In the March/April issue of Mother Jones, Ian Gordon takes an eye-opening look at “Major League Baseball’s Dominican Sweatshop System.” The lengthy feature details MLB’s poor treatment of its Latin American prospects. Not only do they get paid less than their American counterparts—“The average signing bonus for American players drafted in 2011 was $232,000; for international players, it was approximately half that,” Gordon reports. In the article, Gordon tells the story of shortstop Yewri Guillén, a teenager in the Washington Nationals system who died in 2011 after contracting meningitis.

There wasn’t a certified athletic trainer, let alone a doctor, to evaluate Guillén at the Nationals’ academy, a spartan training camp with cinder-block dorms. No one from the team accompanied him to Santo Domingo or intervened when he couldn’t get into the Clínica Abreu [the capital’s best private hospital]. (The club didn’t cover the costs of his treatment until after he was admitted to the [cheaper] Cuban-Dominican clinic.) And following Guillén’s death, the club required his parents to sign a release before handing over his signing bonus and life insurance money—a document also stating that they would never sue the team or its employees.

It’s a crushingly sad story. And although he never had to go through the hell that Guillén did, David Ortiz understands what life is like for a kid trying to beat the odds. (That’s not just a cliché. Only tiny fraction of the prospects at MLB’s Dominican academies will make the majors.) “A 16-year-old doesn’t know how to play baseball,” the Red Sox Slugger told Gordon. “I don’t care what they say. When I signed at 16, I didn’t know what the fuck I was doing.”
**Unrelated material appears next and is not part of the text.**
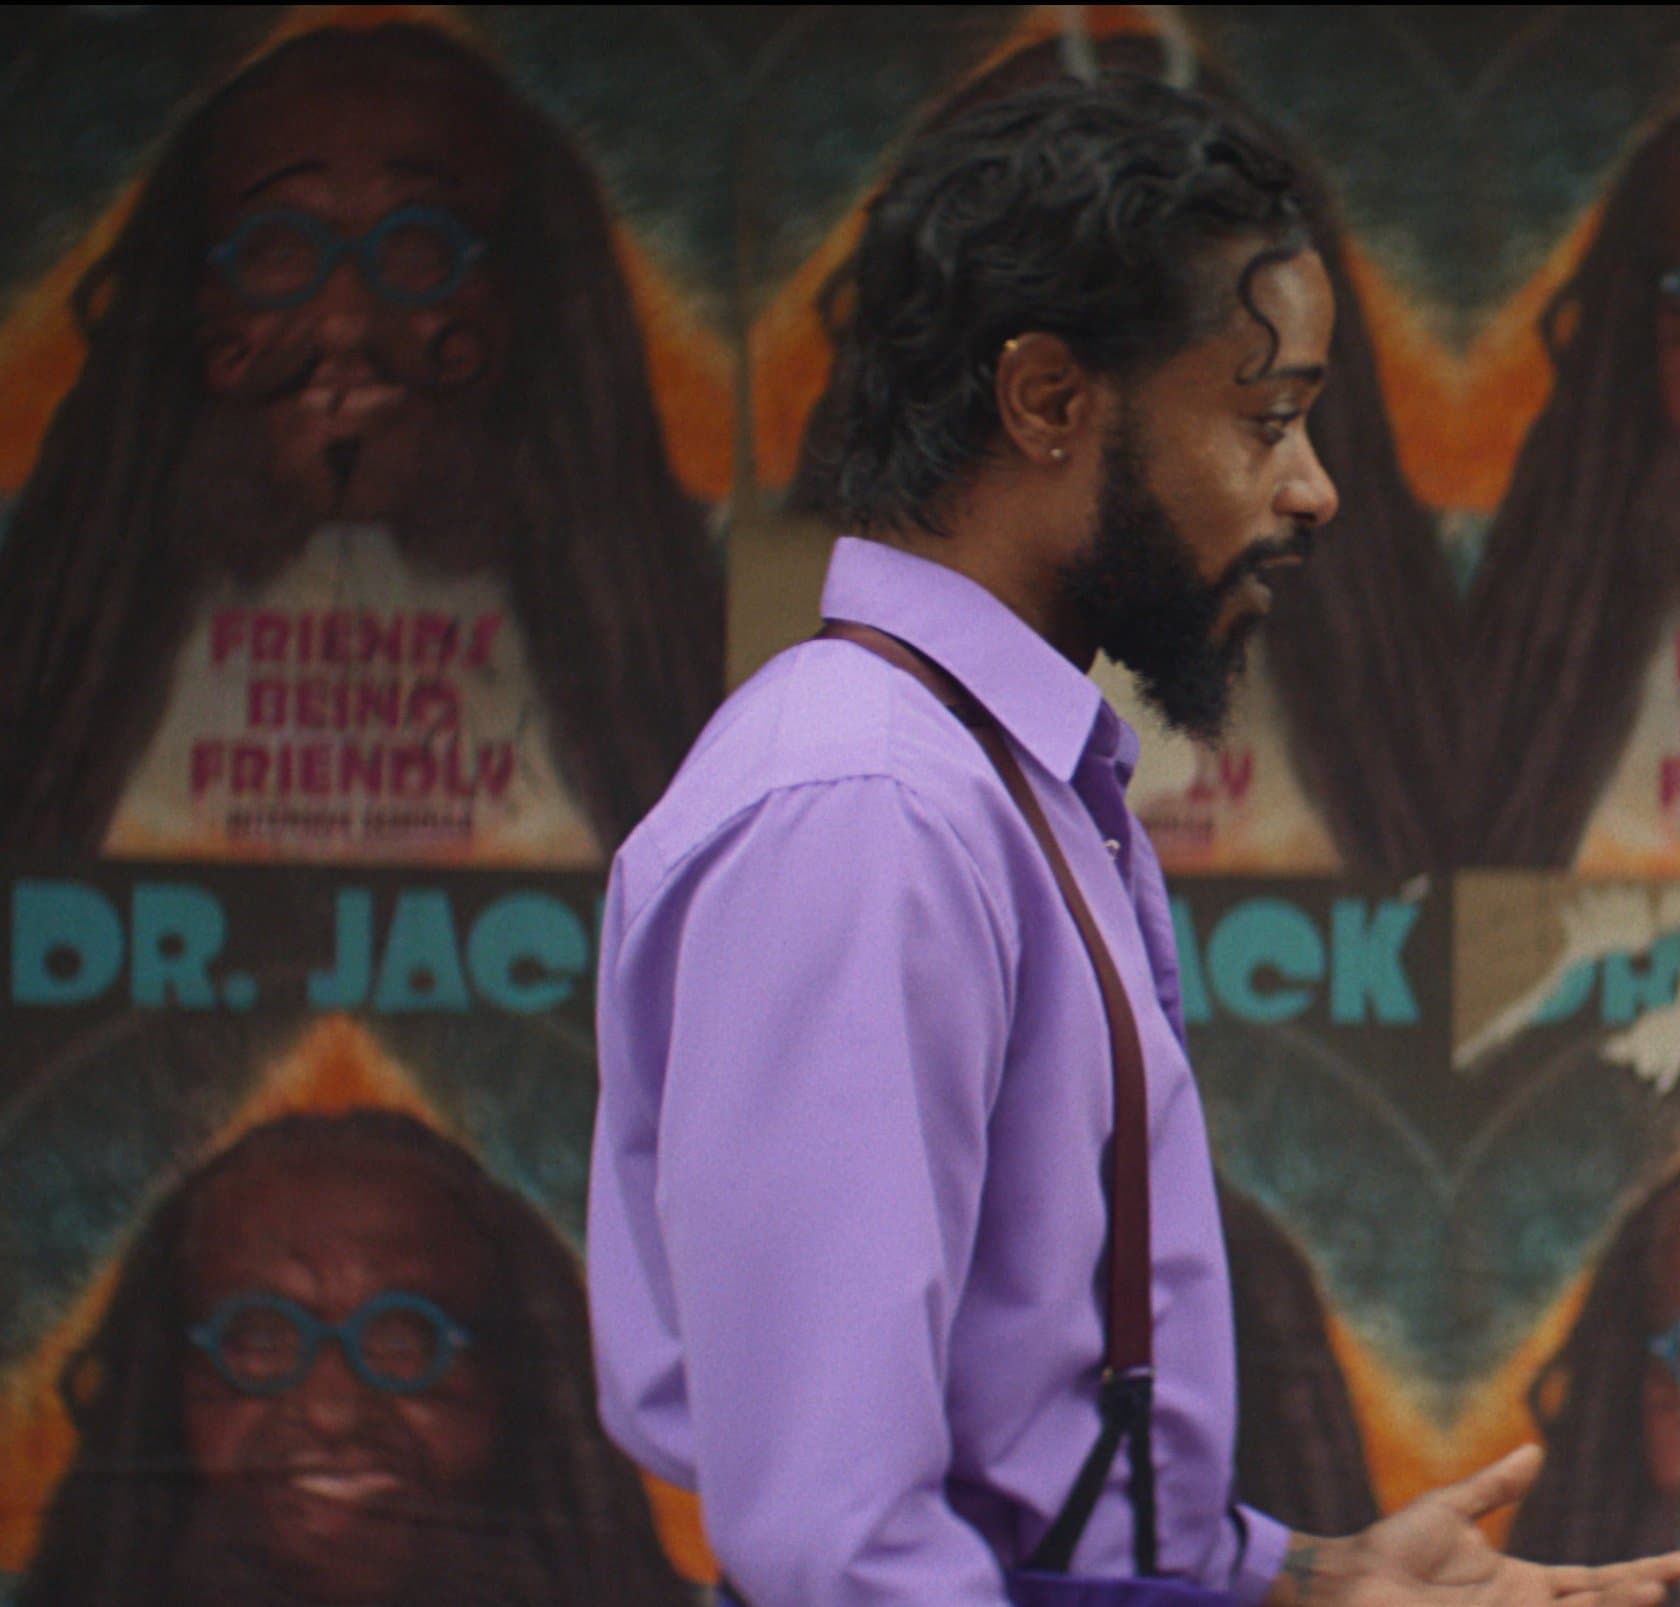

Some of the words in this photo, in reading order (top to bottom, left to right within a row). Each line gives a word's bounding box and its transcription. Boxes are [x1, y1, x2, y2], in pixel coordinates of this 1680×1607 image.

That’s not the only thing Big Papi feels strongly about.

Ortiz said Americans don’t understand the pressure on Dominican teenagers, including in some cases to lie about their age. “The thing that made me mad about the whole situation is that people want to look at us like we are criminals,” he said. “I would like to get in their face and ask them, if that was their only way out, what would they do?”

Ortiz is only a small part of Gordon’s story. But for Red Sox fans, the whole thing should be required reading.